Hors Champ, L'Animation Socioculturelle en Tunisie

Hors Champ, L'Animation Socioculturelle en Tunisie

Désolant … pour ne pas dire Désespérant

 

Désolant de voir que dans le grand tumulte que vit le pays, seul le domaine de la jeunesse reste à la traine. Non seulement rien n’a changé, (malgré les efforts désespéré du dernier Ministre), mais l’idée que nous régressons s’impose chaque jour qui passe avec plus de force.

Quand on voit les animateurs, pilier du domaine, hagards, angoissés,  en état constant de standby et  ne faisant presque rien pour s’en sortir. Je dis « presque » eu égard à certains qui dissertent dans les réseaux sociaux sans conviction.
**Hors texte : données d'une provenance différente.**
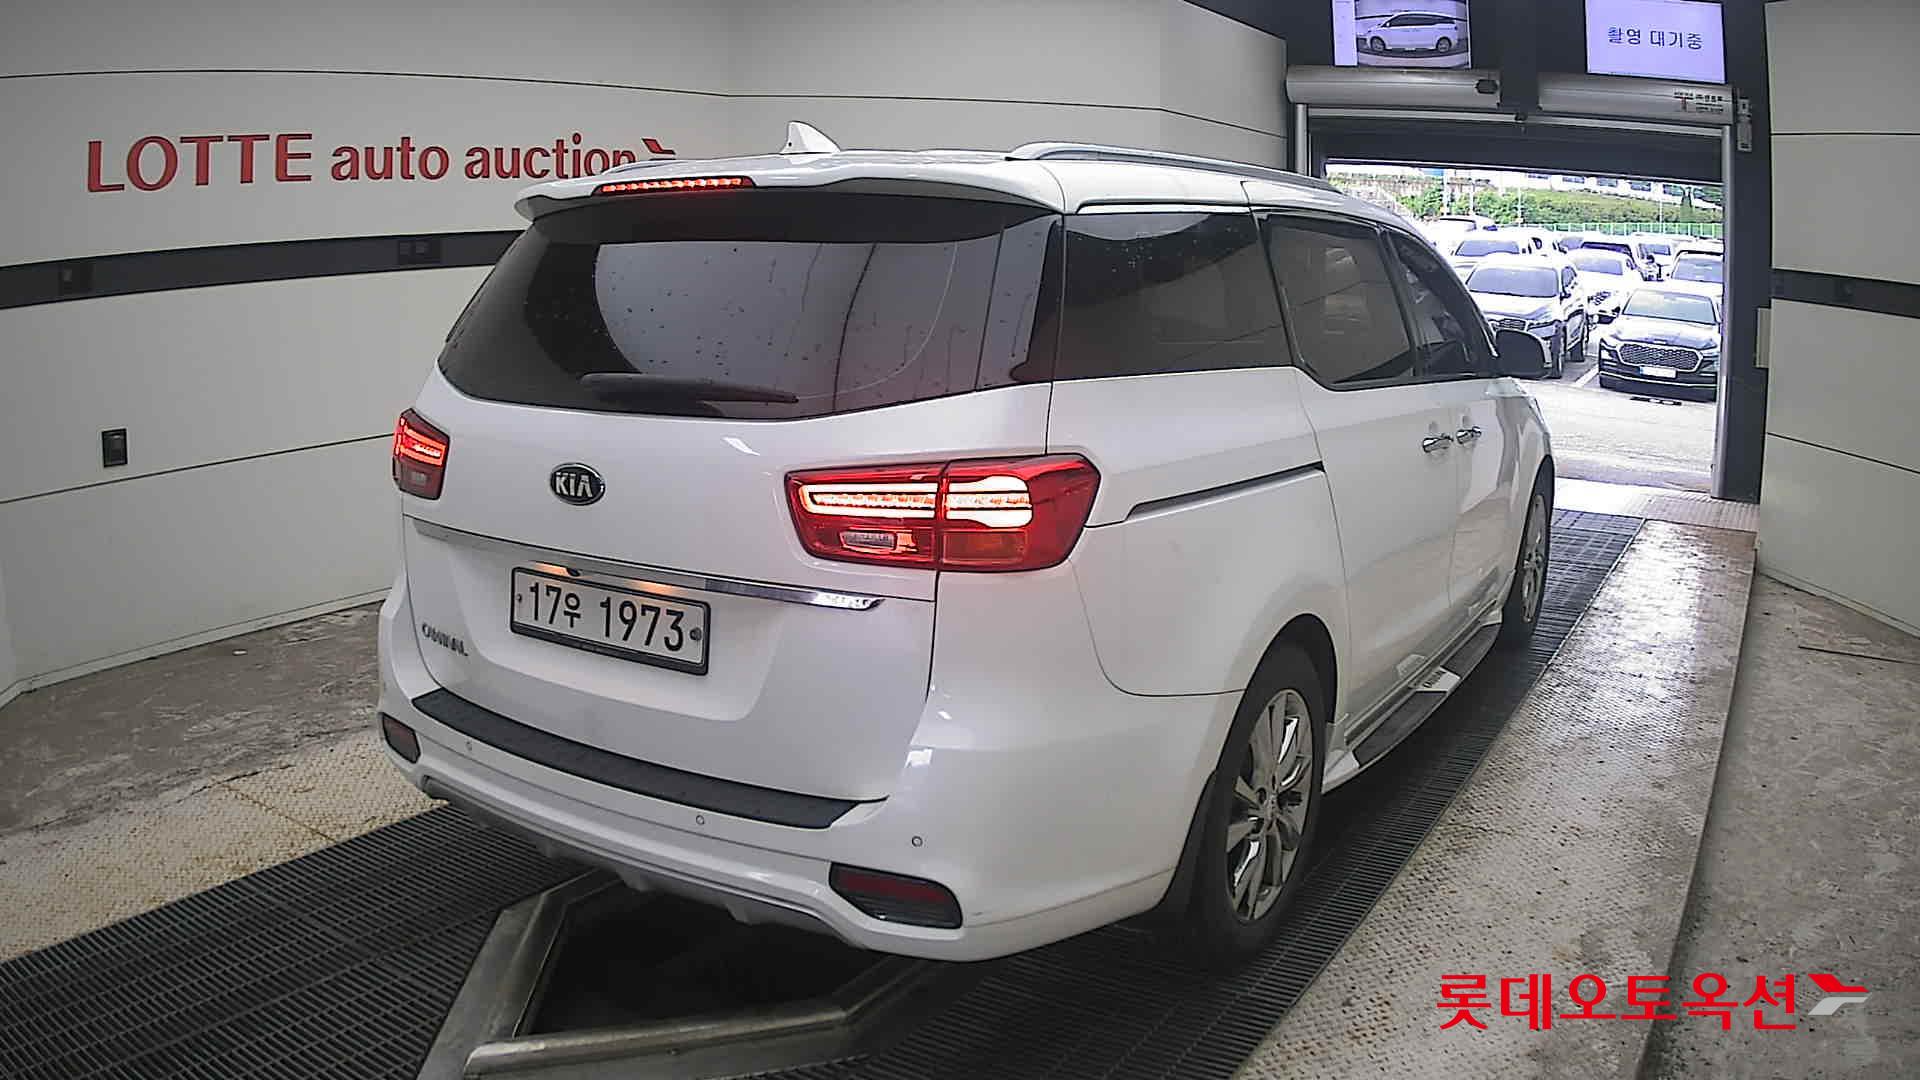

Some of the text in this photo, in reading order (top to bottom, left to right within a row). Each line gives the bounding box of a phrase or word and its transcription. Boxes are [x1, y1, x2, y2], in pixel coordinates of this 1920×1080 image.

[1650, 30, 1703, 50] 대기중
[87, 133, 312, 193] LOTTE
[331, 136, 449, 181] auto
[555, 472, 593, 497] KIA
[529, 582, 684, 651] 17우 1973
Désolant, quand on sait que tout un chacun est absolument conscient de ce qui se passe et a une ou des idées à proposer ou à mettre en œuvre pour s’en sortir, mais ne le fait pas, étant tellement habitué à suivre les ordres ou le bon vouloir de son inspecteur.

Comment un animateur peut-il favoriser l’épanouissement des jeunes, comment peut-il détecter les besoins, comment peut-il détecter les problèmes de communication, si lui-même se trouve très mal dans sa peau, si lui-même n’arrive pas à cerner ses propres besoins, si lui-même souffre de la « non-communication ».
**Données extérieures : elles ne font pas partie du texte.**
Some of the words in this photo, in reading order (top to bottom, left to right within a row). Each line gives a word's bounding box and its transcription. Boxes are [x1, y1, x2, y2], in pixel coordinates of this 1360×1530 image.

Cela fait presque une année que l’opportunité de se prendre en main s’est offerte à tous les acteurs du domaine de l’animation socioculturelle, mais le mois se suivent et le bégayement s’accentue.

Quand est-ce que l’animateur revendiquera son statut d’élément central, revendiquera son droit à décider de son travail dans tous ses détails et delà du fonctionnement de l’institution dans laquelle il exercera sa liberté de penser, de programmer, de proposer.

En partant d’une lapalissade (presque idiote), qui connait mieux que l’animateur, les caractéristiques  de l’environnement de l’institution, condition fondamentale pour la mise en œuvre d’un projet d’institution ? Ce n’est bien sûr pas l’inspecteur, ni à fortiori les Administrations régionales ou même la centrale.

C’est à l’équipe d’animation de l’institution de décider en partant d’un état des lieus ou mieux encore d’une étude monographique, des orientations à donner à l’institution (programmes, projets, horaire, etc.), orientations qui seront ensuite proposées à l’inspecteur et aux administrations avec toute l’argumentation nécessaire.

Désolant aussi de voir que l’Administration s’accroche à ses anciennes manies prouvant en quelque sorte des difficultés pour changer. Désolant d’entendre que tout est fait pour que les régions se prennent en main, mais qu’on retrouve tous les dossiers gérer par la centrale, souvent parce que le régional, ne pouvant lui aussi changer, préfère s’en débarrasser. Et puis on retrouve les mêmes manifestations (prises comme portes de sortie pour se prouver qu’on avance) en plus médiocres, puisque l’envie n’y est pas.